Kyren Wilson produced an outstanding screen to take command of his World Snooker Champion semi-final versus Shaun Murphy and lead 6-2 after the opening session.
Wilson, the runner-up to Ronnie O’Sullivan in 2015’s competition at the Crucible, made three century breaks and at one stage provided 248 unanswered points to open a four-frame lead.
Murphy, whose defence was abnormally slack, could have ended the evening with a 5-3 deficit after a rare Wilson mistake let him in however he missed a crucial red into the centre pocket and the 2005 champ will have to enhance in Friday’s second session if he is to get back into the match.
After Murphy won the opening frame Wilson entered his groove, with a fine 110 in the 3rd frame. Murphy was stuck to his seat as back-to-back centuries in frames five and six, breaks of 121 and 127, put Wilson 5-1 up and looking difficult to stop.
However Murphy stopped the rot with a gritty half-century break and need to have stolen the final frame of the evening after Wilson, en route to another century, fouled– but a clearance attempt ended when he missed out on the penultimate red into the middle pocket.
The quality of snooker on show was a big contrast to the first semi-final, which was controlled by complaints over the table, with “soft cushions” and a possibly malfunctioning cue ball blamed for some scrappy early play at the Crucible.
From the off the three-time previous champ Mark Selby and Stuart Bingham, the 2015 winner, observed the ball was not acting as they expected as they found themselves out of position on a number of shots with the white routinely coming up short.
Tables were re-clothed before the semi-finals however Bingham could be seen mouthing “this is unusual” throughout the very first session, which ended 4-4 At the interval the match referee spoke to both gamers and the table was brushed heavily and the hint ball altered as Bingham felt that was the problem, although when asked Selby supposedly did not think that was the problem.

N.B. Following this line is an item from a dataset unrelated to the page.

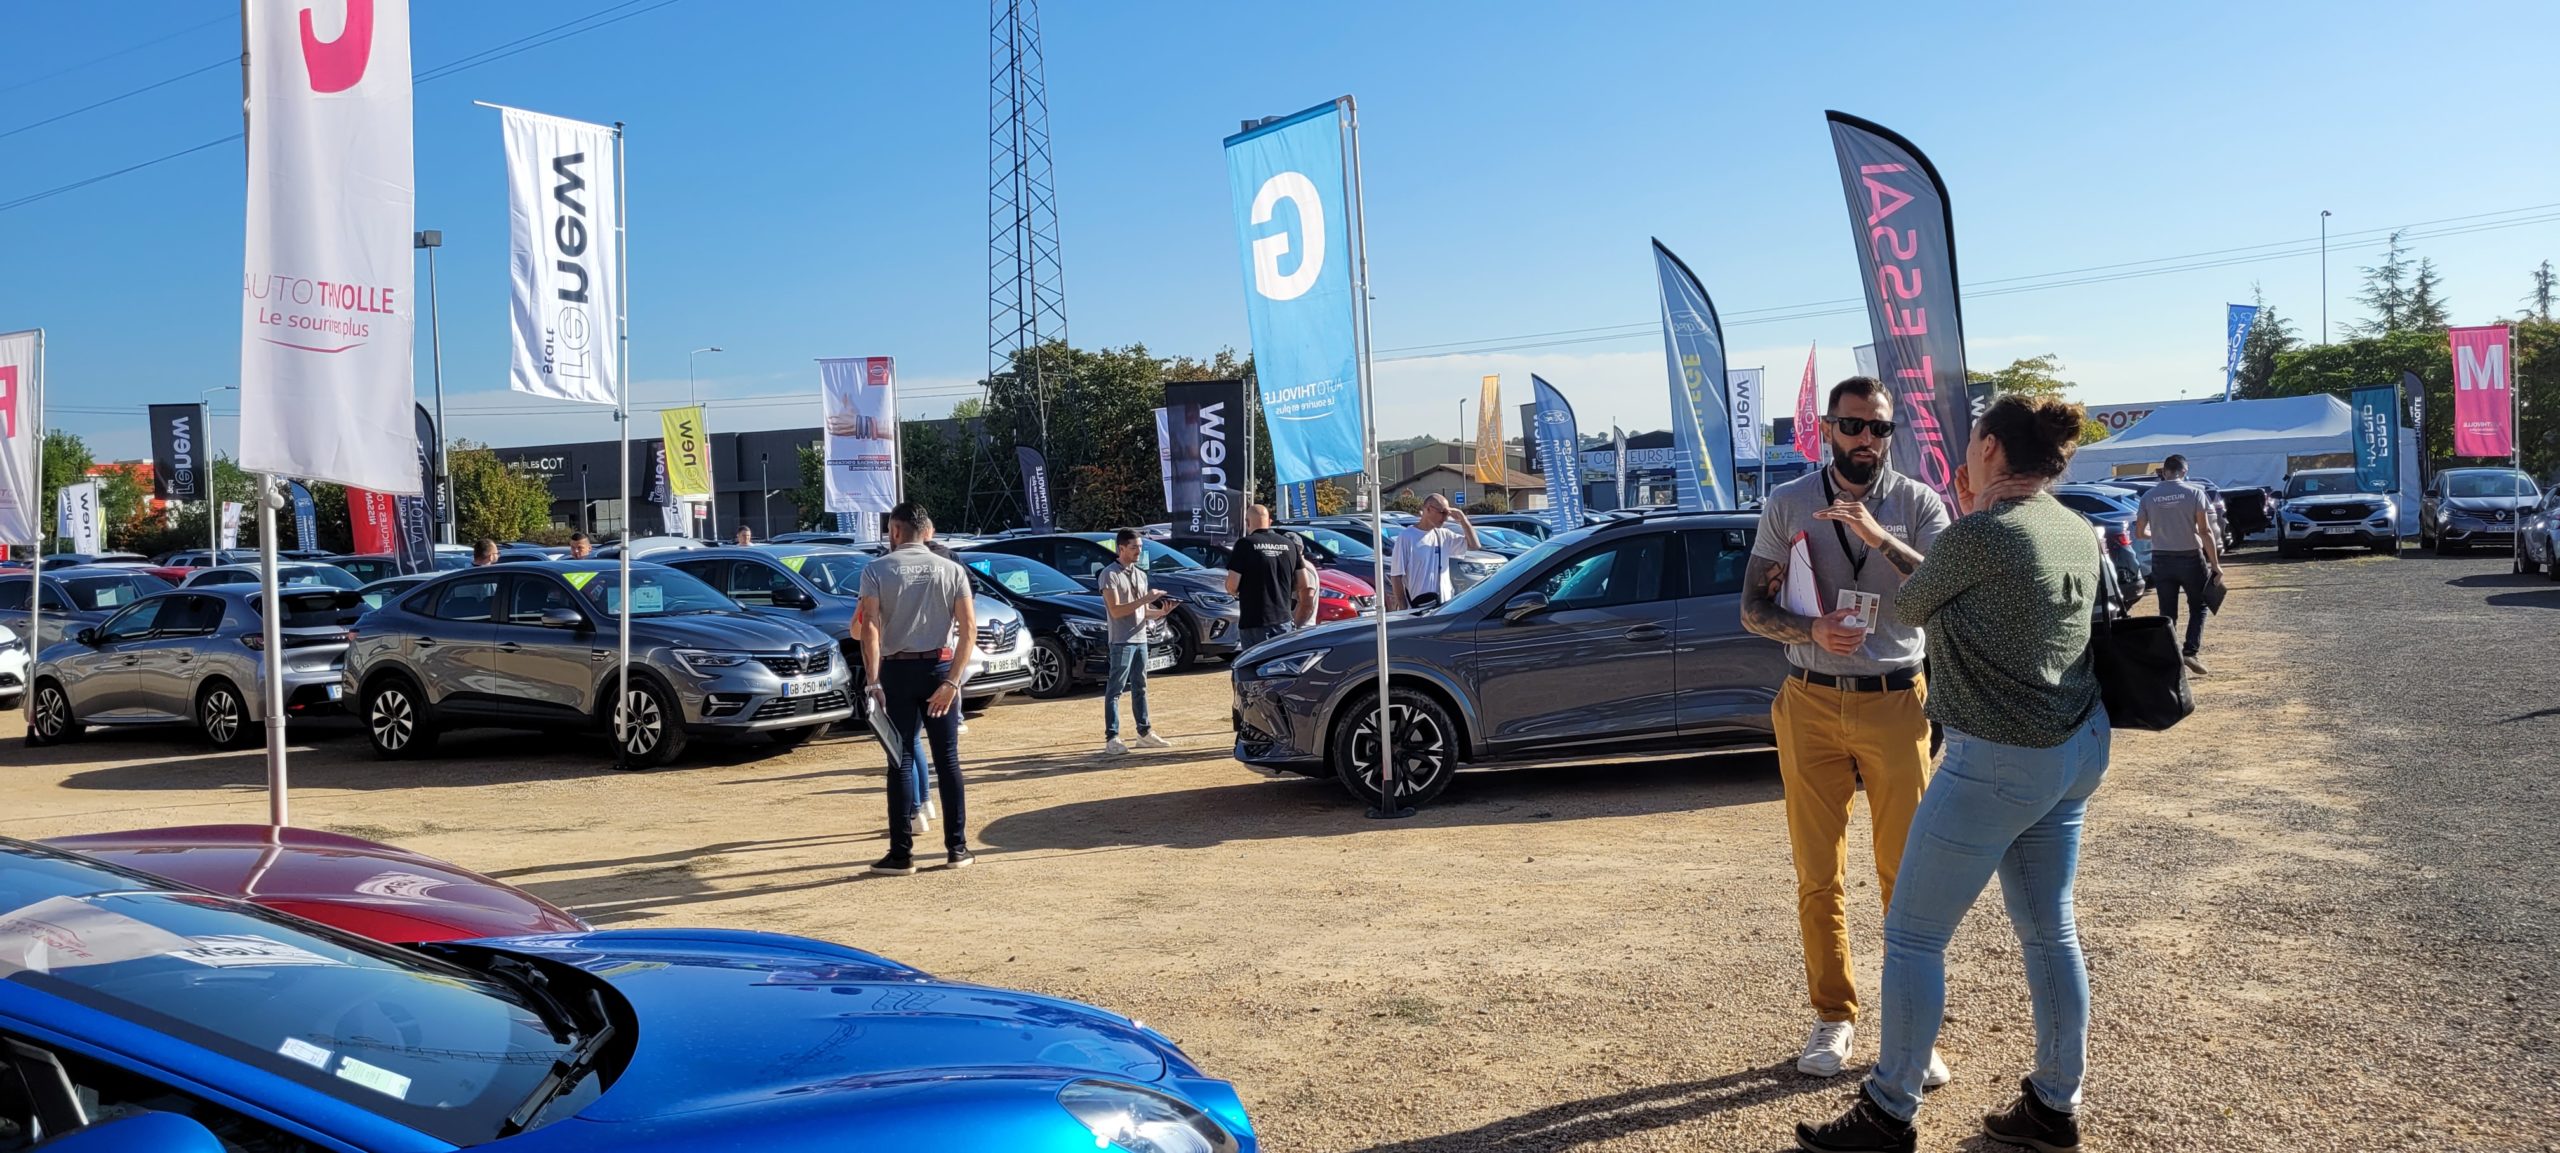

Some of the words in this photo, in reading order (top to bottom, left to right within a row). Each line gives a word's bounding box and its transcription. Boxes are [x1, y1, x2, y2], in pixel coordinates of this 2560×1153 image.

Selby had actually coped better with the unusual conditions. Having actually lost the very first frame to a 60 break by his challenger, he took a 3-1 lead into the first period. Bingham was on a break of 46 before missing a blue but then Selby, with a chance to clean up, stopped working on a yellow at 56-31– although it was not to prove harmful as he later on cut in a dazzling long yellow and cleared the table.
Selby took the next 2 frames however high breaks of 33 and 46 provided an indication of the troublesome table conditions. Whether the change of hint ball made a difference or whether it was psychological, Bingham looked a various gamer when they returned. A 92-break– the greatest of the afternoon– right away made it 3-2 before in the next frame Selby’s foul potting a red as he sank the blue used Bingham, who had actually opened with 36, the chance to go back to the table and a break of 38 levelled the score.
Bingham breezed through the seventh with a run of 82 but after missing out on a brown on a break of 42, Selby responded to take the last frame and maintain his record of not lagging at the end of a session in the current championship.